Ocean Acidification Triggers Cell Signaling, Suppress Immune And Calcification In The Pacific Oyster Larvae

Abstract

Elevated carbon dioxide levels in ocean waters, an anthropogenic stressor, can alter the chemical equilibrium of seawater through a process called ocean acidification (OA). The resultant reduction of pH can be detrimental during the early developmental stages of the commercially important edible Pacific oyster Crassostrea gigas; the ability of larvae to join a population is likely to be compromised by declining ocean pH. Given this threat, it is important to study the molecular mechanisms that these organisms use to overcome OA stress at the gene expression level. Here, we performed transcriptome profiling in oyster larvae following exposure to ambient (8.1) and reduced (7.4) pH during the pre-settlement growth period (i.e., 18 d post fertilization) using RNA-seq with Illumina sequencing technology. In total, 1,808 differentially expressed genes (DEGs) were identified, 1,410 of which were matched by BLAST against the Swiss-Prot database. Gene ontology classification showed that most of these DEGs were related to ribosomal, calcium ion binding, cell adhesion and apoptotic processes. Pathway enrichment analysis revealed that low pH (7.4) enhanced energy production and organelle biogenesis but prominently suppressed several immune response pathways.
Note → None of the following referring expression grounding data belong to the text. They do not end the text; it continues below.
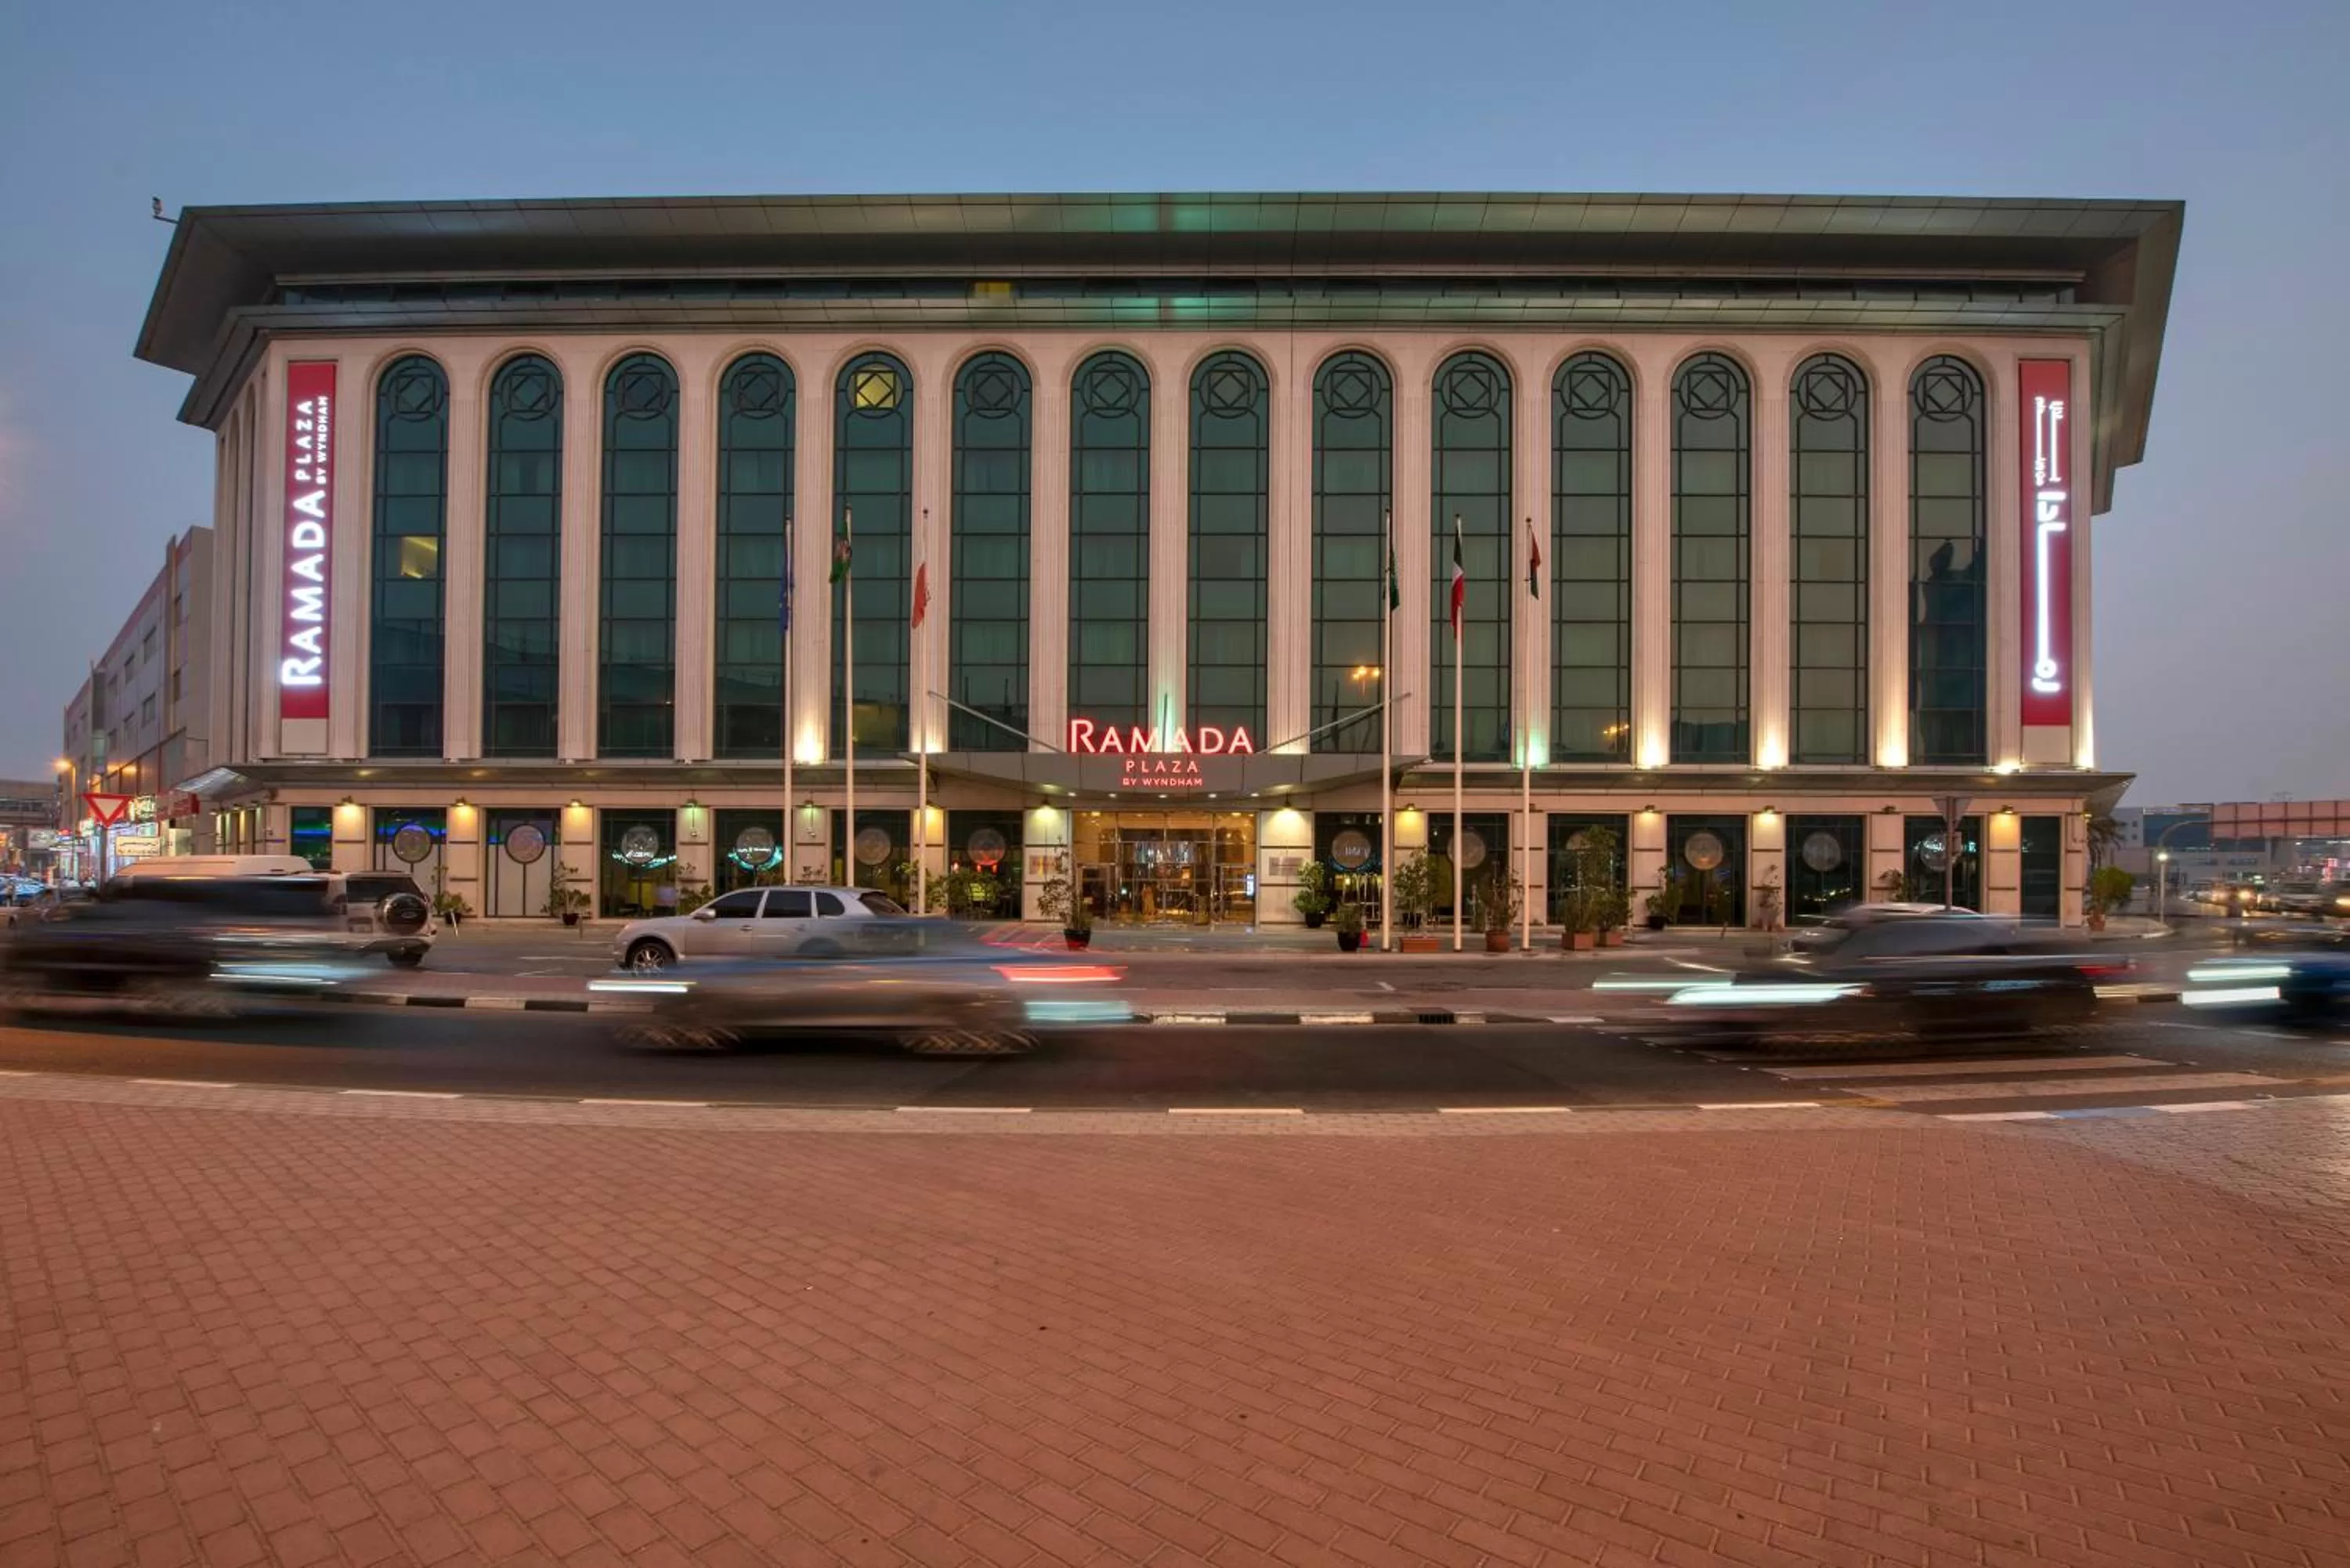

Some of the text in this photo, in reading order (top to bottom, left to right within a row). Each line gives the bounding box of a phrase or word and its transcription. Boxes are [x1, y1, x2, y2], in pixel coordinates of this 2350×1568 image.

[295, 400, 313, 481] PLAZA
[316, 396, 329, 485] BY WYNDHAM
[281, 490, 327, 687] RAMADA
[1070, 718, 1255, 753] RAMADA
[1123, 778, 1203, 786] BY WYNDHAM
[1125, 761, 1198, 773] PLAZA
Moreover, activation of the MAPK signaling pathway was observed along with inhibition of the Wnt, VEGF, and ErbB pathways, highlighting the fact that the initiation of stress responses is given priority over larval development or shell growth when the larvae cope with low pH. In conclusion, our study demonstrated a unique gene expression profiling approach in studying oyster larval responses to OA, which not only provides comprehensive insights into the mechanisms underlying oyster tolerance to CO2-driven decreases in ocean pH but also supplies a valuable genomic resource for further studies in this species.